In various ways the kids have also moved on. Rebecca, in Maryland working on the James Webb Space Telescope, has purchased a house and is slowly making welcome changes so she and Alexandra, 13, enjoy it more. I am looking forward to them coming in January for their annual ski trip.
Rachel and Kellie, both Sociologists in Nevada, are kept busy with the athletic and home school endeavors of two very active sons, Derek, 13 and Andrew, 7.
Alejandro (Jonathan), flight attendant with United, and Guillermo are enjoying Houston together with lots of thrift store
shopping and reselling of their “finds.”
Pilot Matthew and Pharmacist Becky are enthralled by Caroline and Emelia, 16 months. I get to do day care and love every minute.

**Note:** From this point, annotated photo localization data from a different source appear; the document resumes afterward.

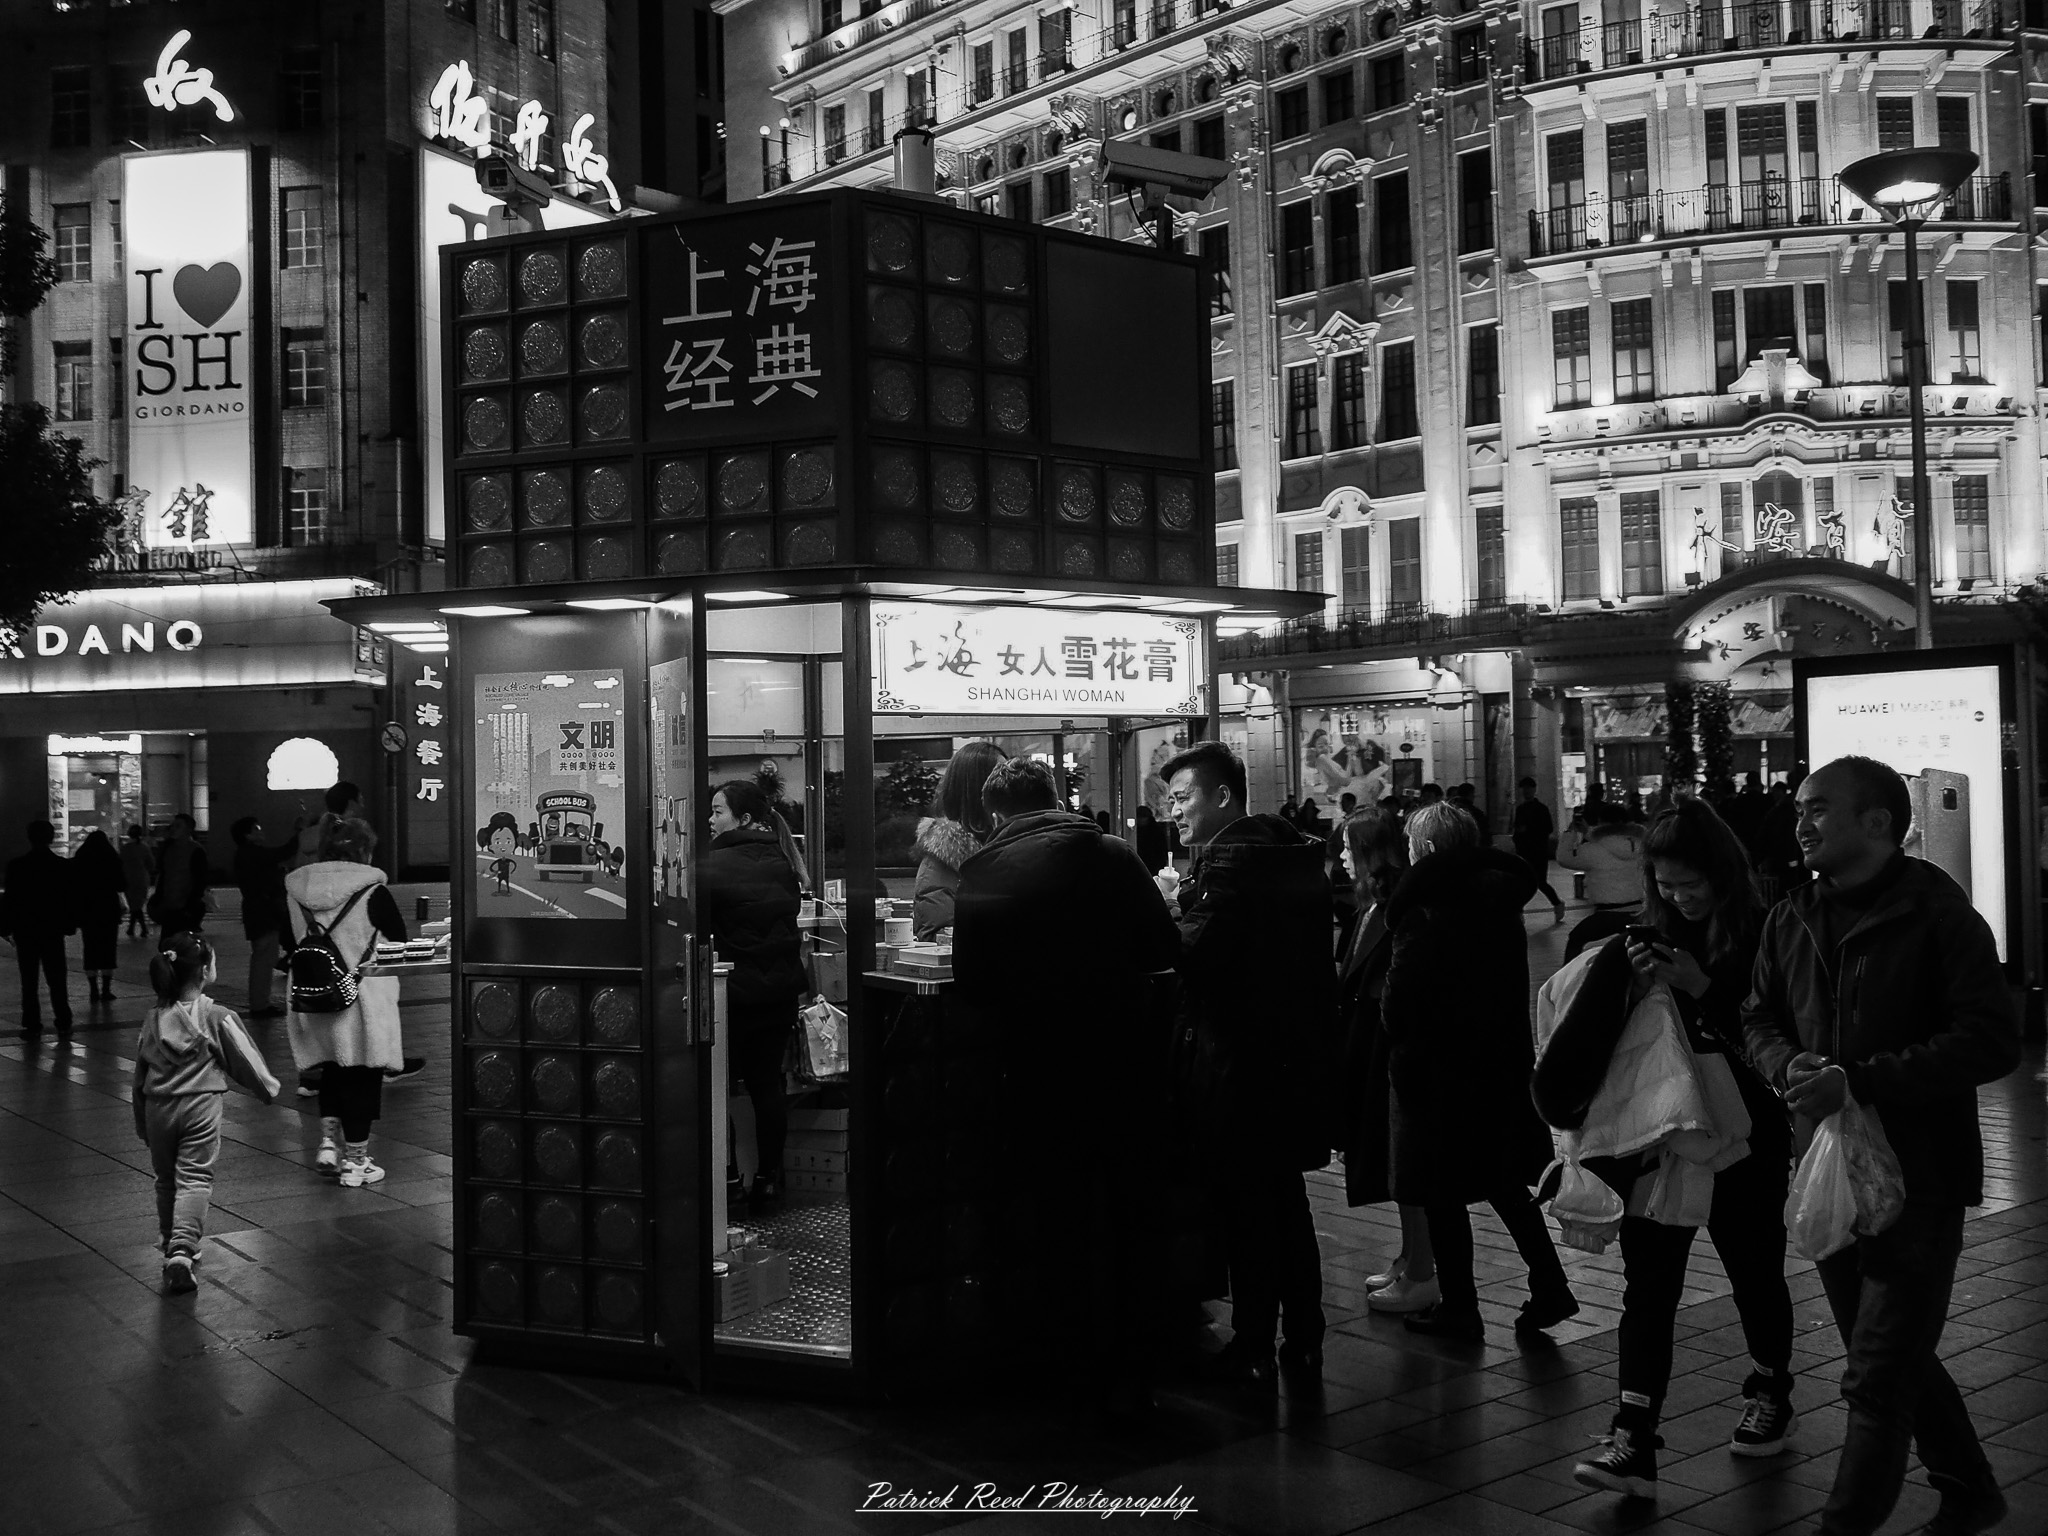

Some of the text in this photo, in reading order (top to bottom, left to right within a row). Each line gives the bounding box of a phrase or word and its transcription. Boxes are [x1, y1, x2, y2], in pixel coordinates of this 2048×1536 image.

[663, 237, 818, 325] 上海
[135, 268, 164, 330] I
[136, 331, 242, 397] SH
[663, 323, 821, 412] 经典
[135, 401, 245, 420] GIORDANO
[967, 686, 1126, 703] SHANGHAI WOMAN
[1837, 702, 1896, 716] HUAWEI
[415, 665, 445, 802] 上海餐厅
[559, 720, 615, 752] 文明
[559, 760, 616, 772] 共创美好社会
[545, 796, 587, 807] SCHOOL BUS

Ruben, of Mountain Lyon Café fame, and Cassie, 14, keep busy making sure she gets to her various high school activities.
A high point for Derek, Cassie and Rachel’s year was a trip to Peru, exploring the Urubamba Valley where Rachel was born. It was made more special as her guide was her brother! Hiking into Machu Pichu was alsoa high point.
Next up is Robert. Unfortunately he left his assisted living apartment Dec 9, 2017, a week after we saw him at Paul’s funeral. We have not been able to find him but assume he is living in some sort of shelter in Denver. We keep Paul’s phone numbers active in case Robert decides to call.

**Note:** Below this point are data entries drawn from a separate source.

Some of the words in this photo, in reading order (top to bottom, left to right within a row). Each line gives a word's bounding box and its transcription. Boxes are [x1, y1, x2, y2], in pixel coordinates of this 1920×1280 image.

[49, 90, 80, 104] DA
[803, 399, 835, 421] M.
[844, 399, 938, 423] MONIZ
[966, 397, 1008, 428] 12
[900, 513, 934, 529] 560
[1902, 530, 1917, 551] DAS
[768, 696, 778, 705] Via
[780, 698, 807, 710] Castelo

Jamie is a chef in Boulder and lives with his girlfriend Jill outside of Estes Park in a cute cabin with a deck overlooking a stream. I enjoyed spending Thanksgiving with them.
Jesse, a manager at Wendy’s, and his girlfriend Tanya are living with me until they are financially secure enough to rent an apartment. They fled to the mountains to escape the meth scene in Denver and, so far, are both successfully beating it.
Amber, her husband Jason and their son Dexter live in Denver where she works at a truck stop.
Brandon is working in a senior living home in Illinois. Alex/Carlos is in Las Vegas, happily being a stay at home dad to his three children.
All of the children are doing well and find numerous ways to stay in touch with me. It sustains me.
My immediate future involves completing an apartment in the basement of our home and then selling the house to Matthew and his family. I get to age in place just a stairwell away from family. Moving from 3600 sq ft to 750 sq ft, however, is going to require some adjustment. What do I take downstairs from Paul’s and my home, what do the kids want and what needs to go away? We are having a major garage sale in the spring as Matthew and Becky are completely remodeling the house…..walls, doors, appliances, bathrooms, cabinets, dishes, pots, pans, towels, furniture, they want very little of it! The proceeds are going to the completion of the Labyrinth/Walking Meditation Garden at Lord of the Mountains, dedicated to all those who have lost loved ones.
I hope you have enjoyed the news and photos of my family and I! I enjoyed taking them and sharing them. The image not shared is the one scorching my brain with its immediacy. Mary and Joseph, rescuing Jesus from certain death at the hands of Herod, approach Egypt and are tear gassed!
Christmas….the time when we all reach out to each other and share the blessings
and hardships of our year. I hope to hear from each of you!